Each line of the records below needs repeating exactly. Skip the pictures.

[Images for object localization]
Segment Open
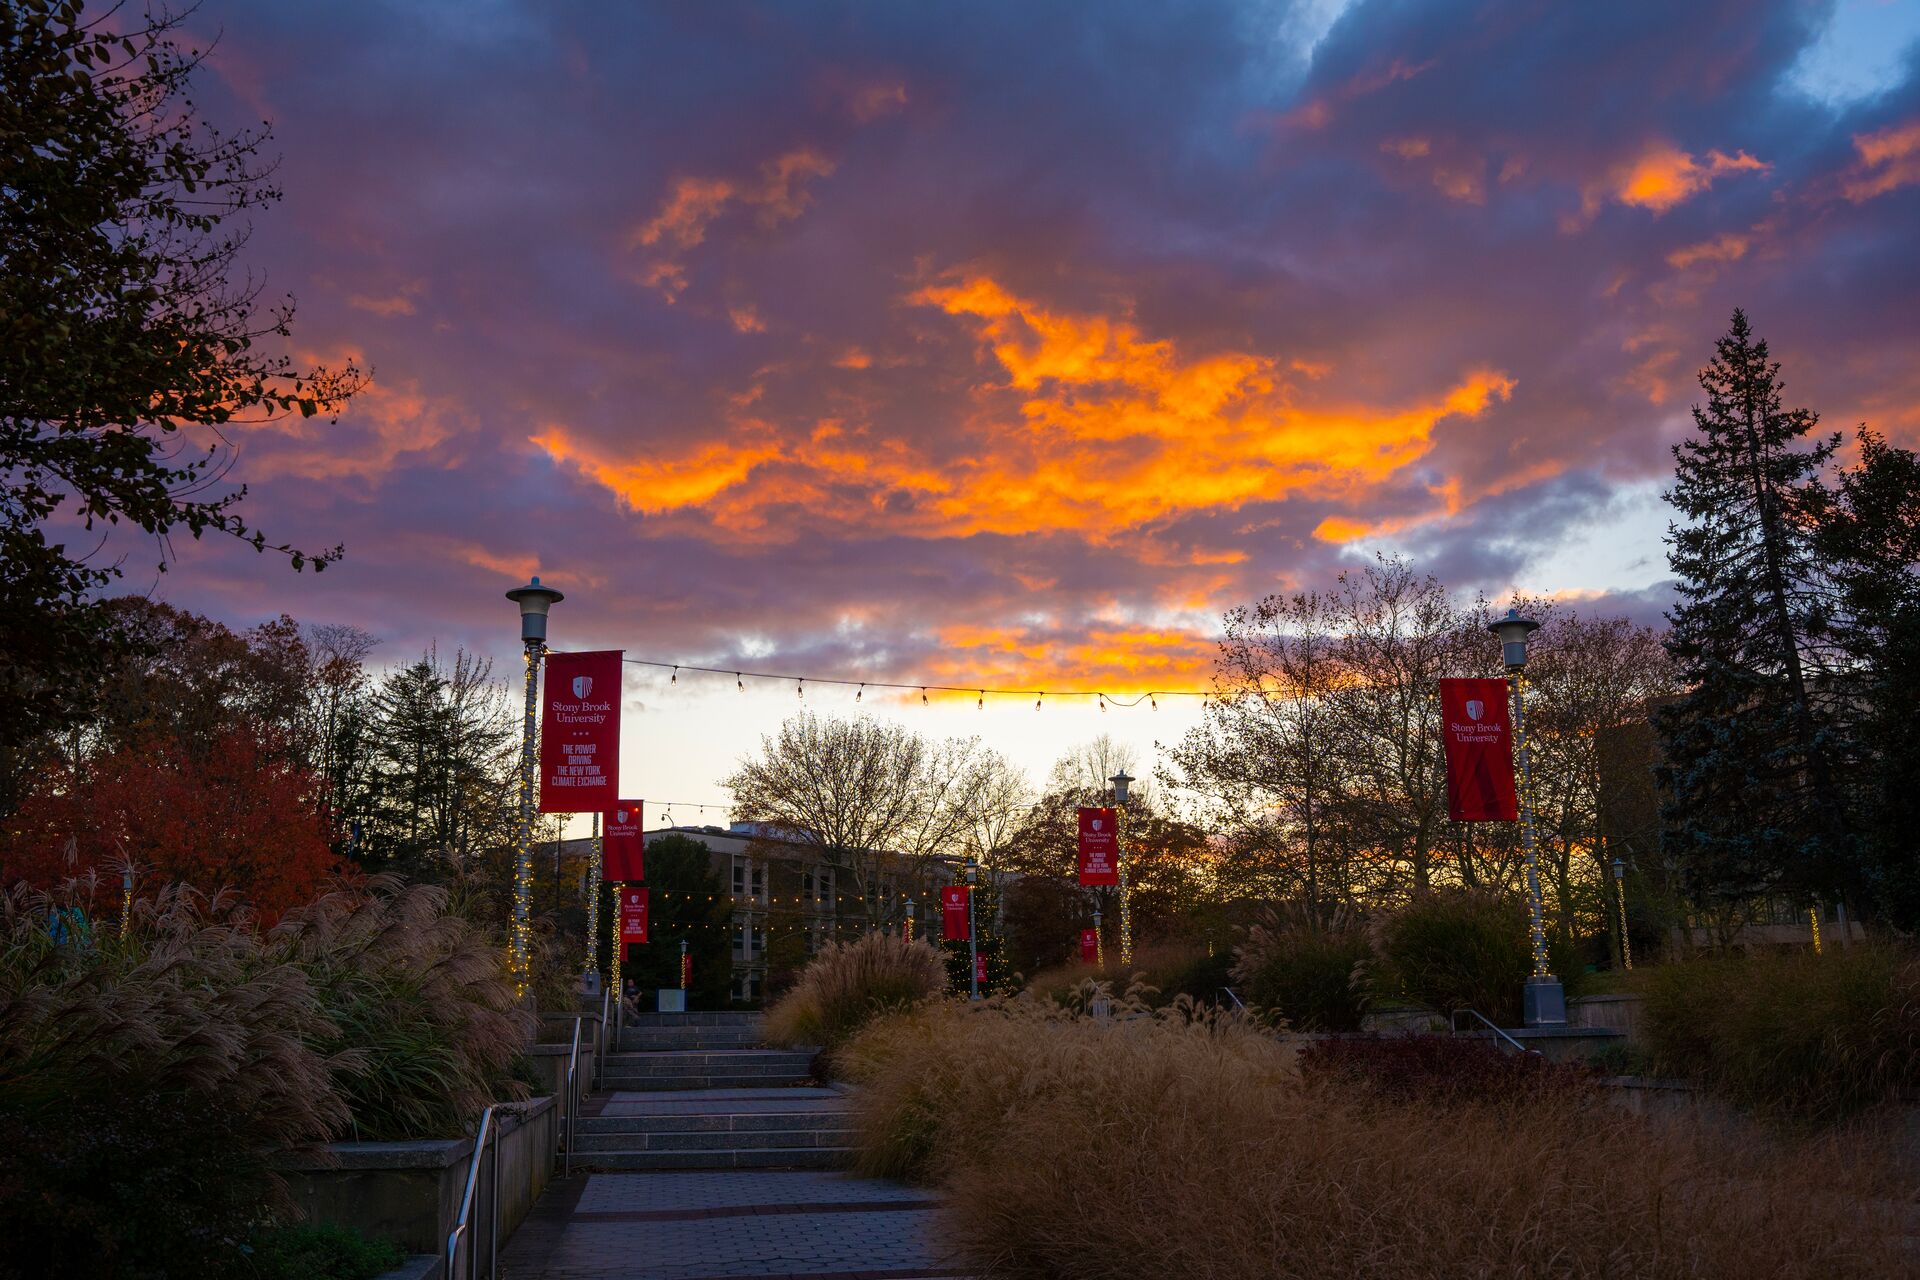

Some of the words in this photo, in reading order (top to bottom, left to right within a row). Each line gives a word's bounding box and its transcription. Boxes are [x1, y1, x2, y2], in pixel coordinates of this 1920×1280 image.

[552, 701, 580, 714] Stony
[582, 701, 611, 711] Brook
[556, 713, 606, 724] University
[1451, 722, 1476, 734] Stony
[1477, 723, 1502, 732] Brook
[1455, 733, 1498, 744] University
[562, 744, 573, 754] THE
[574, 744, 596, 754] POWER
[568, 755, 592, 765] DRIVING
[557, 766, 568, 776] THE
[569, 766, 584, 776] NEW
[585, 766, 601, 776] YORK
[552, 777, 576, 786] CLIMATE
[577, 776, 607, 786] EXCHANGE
Segment Closed
> [FINAL ANSWER]:
Some of the words in this photo, in reading order (top to bottom, left to right within a row). Each line gives a word's bounding box and its transcription. Boxes are [x1, y1, x2, y2], in pixel coordinates of this 1920×1280 image.

[552, 701, 580, 714] Stony
[582, 701, 611, 711] Brook
[556, 713, 606, 724] University
[1451, 722, 1476, 734] Stony
[1477, 723, 1502, 732] Brook
[1455, 733, 1498, 744] University
[562, 744, 573, 754] THE
[574, 744, 596, 754] POWER
[568, 755, 592, 765] DRIVING
[557, 766, 568, 776] THE
[569, 766, 584, 776] NEW
[585, 766, 601, 776] YORK
[552, 777, 576, 786] CLIMATE
[577, 776, 607, 786] EXCHANGE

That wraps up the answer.